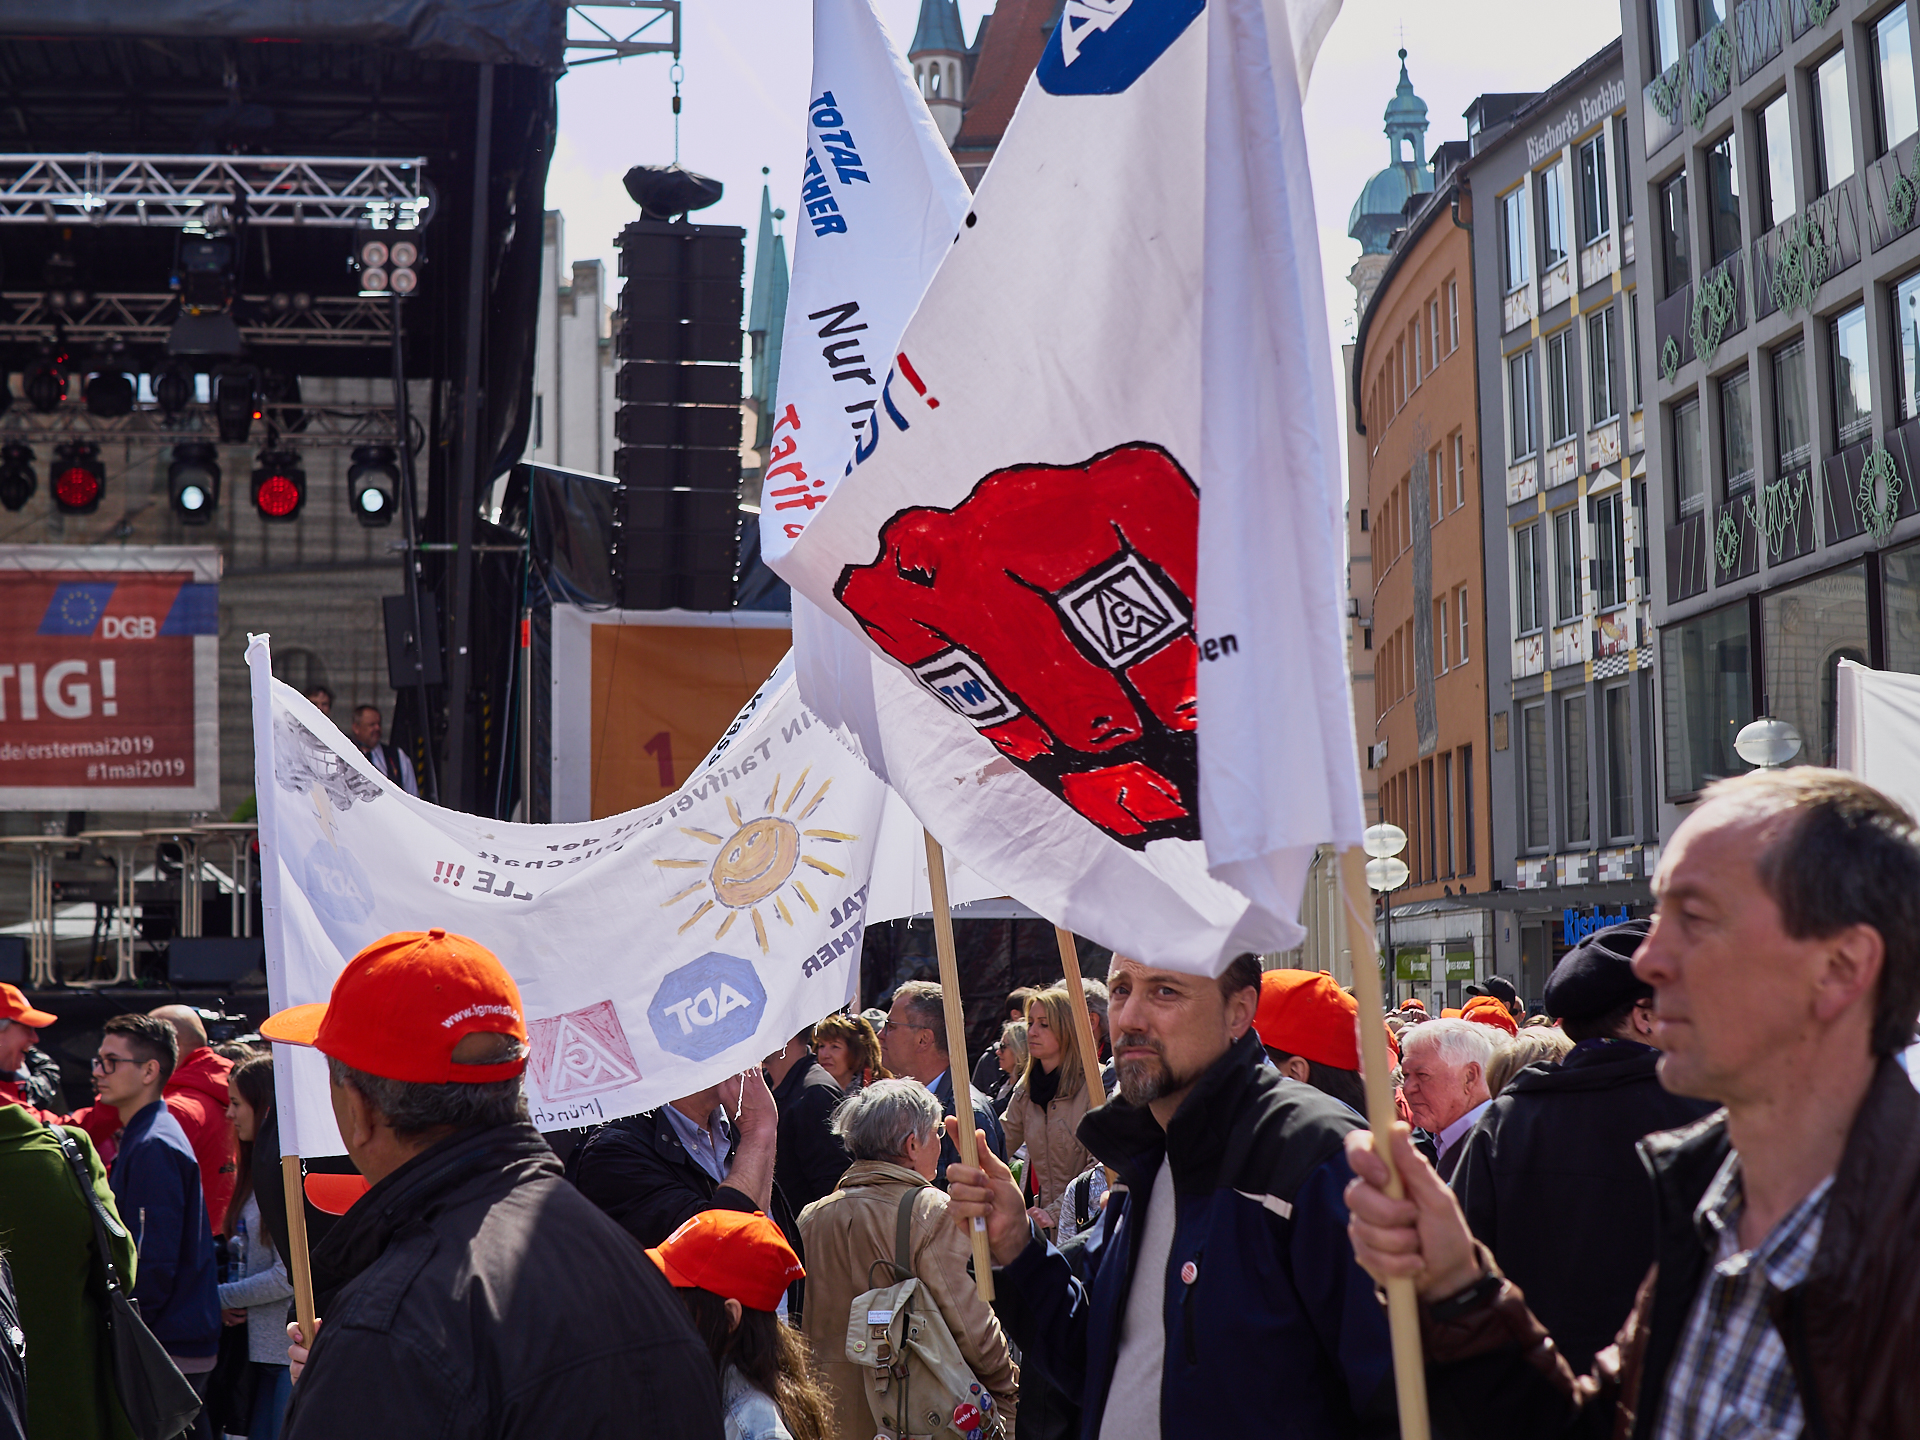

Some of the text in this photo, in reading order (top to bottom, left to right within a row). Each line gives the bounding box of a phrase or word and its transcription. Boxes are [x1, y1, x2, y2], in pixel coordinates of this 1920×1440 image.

[809, 90, 871, 185] TOTAL
[802, 148, 848, 237] THER
[808, 301, 876, 385] Nur
[766, 403, 828, 511] Tarif
[102, 616, 157, 640] DGB
[86, 758, 186, 781] #1mai2019
[643, 731, 675, 788] 1
[956, 1413, 971, 1425] wehr
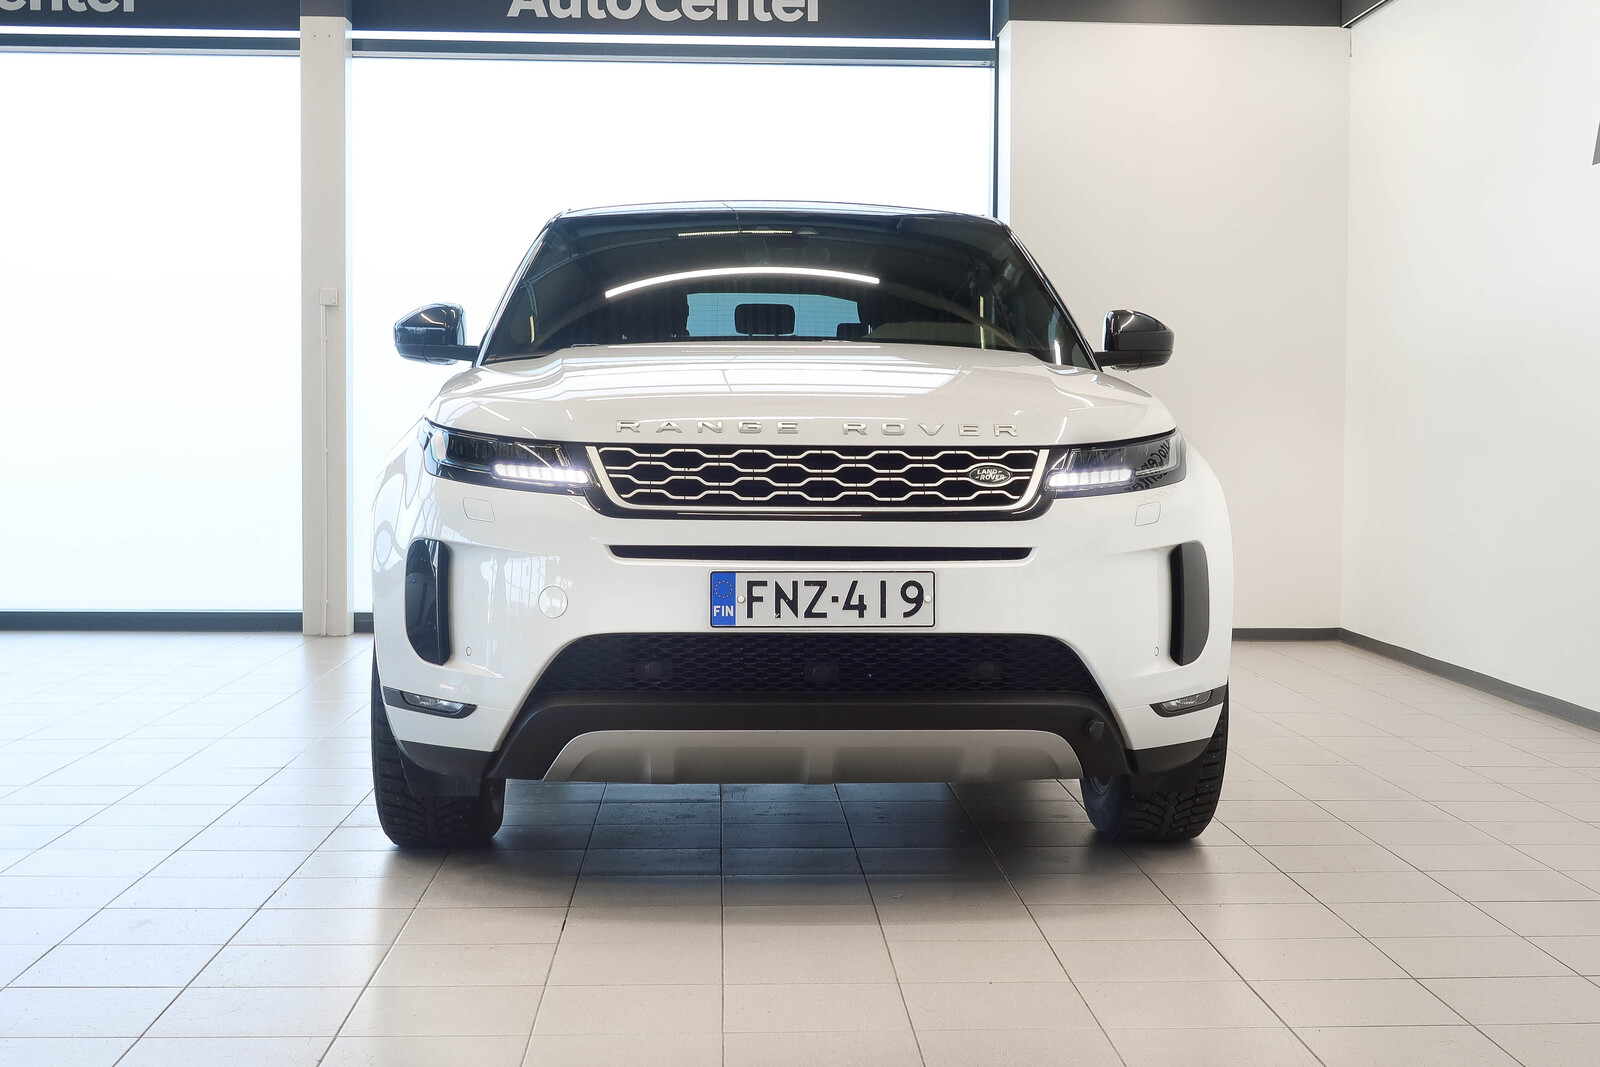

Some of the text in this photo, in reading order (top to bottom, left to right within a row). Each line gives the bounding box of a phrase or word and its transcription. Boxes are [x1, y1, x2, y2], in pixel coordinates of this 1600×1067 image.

What the task requires: Repeat everything in the records above exactly; pictures are not part of the copy.

Exercise result:
Some of the text in this photo, in reading order (top to bottom, left to right within a row). Each line gives the bounding box of a phrase or word and its transcription. Boxes are [x1, y1, x2, y2], in pixel coordinates of this 1920×1440 image.

[809, 90, 871, 185] TOTAL
[802, 148, 848, 237] THER
[808, 301, 876, 385] Nur
[766, 403, 828, 511] Tarif
[102, 616, 157, 640] DGB
[86, 758, 186, 781] #1mai2019
[643, 731, 675, 788] 1
[956, 1413, 971, 1425] wehr

Some of the text in this photo, in reading order (top to bottom, left to right within a row). Each line gives the bounding box of a phrase or word and its transcription. Boxes are [x1, y1, x2, y2], in pixel coordinates of this 1600×1067 image.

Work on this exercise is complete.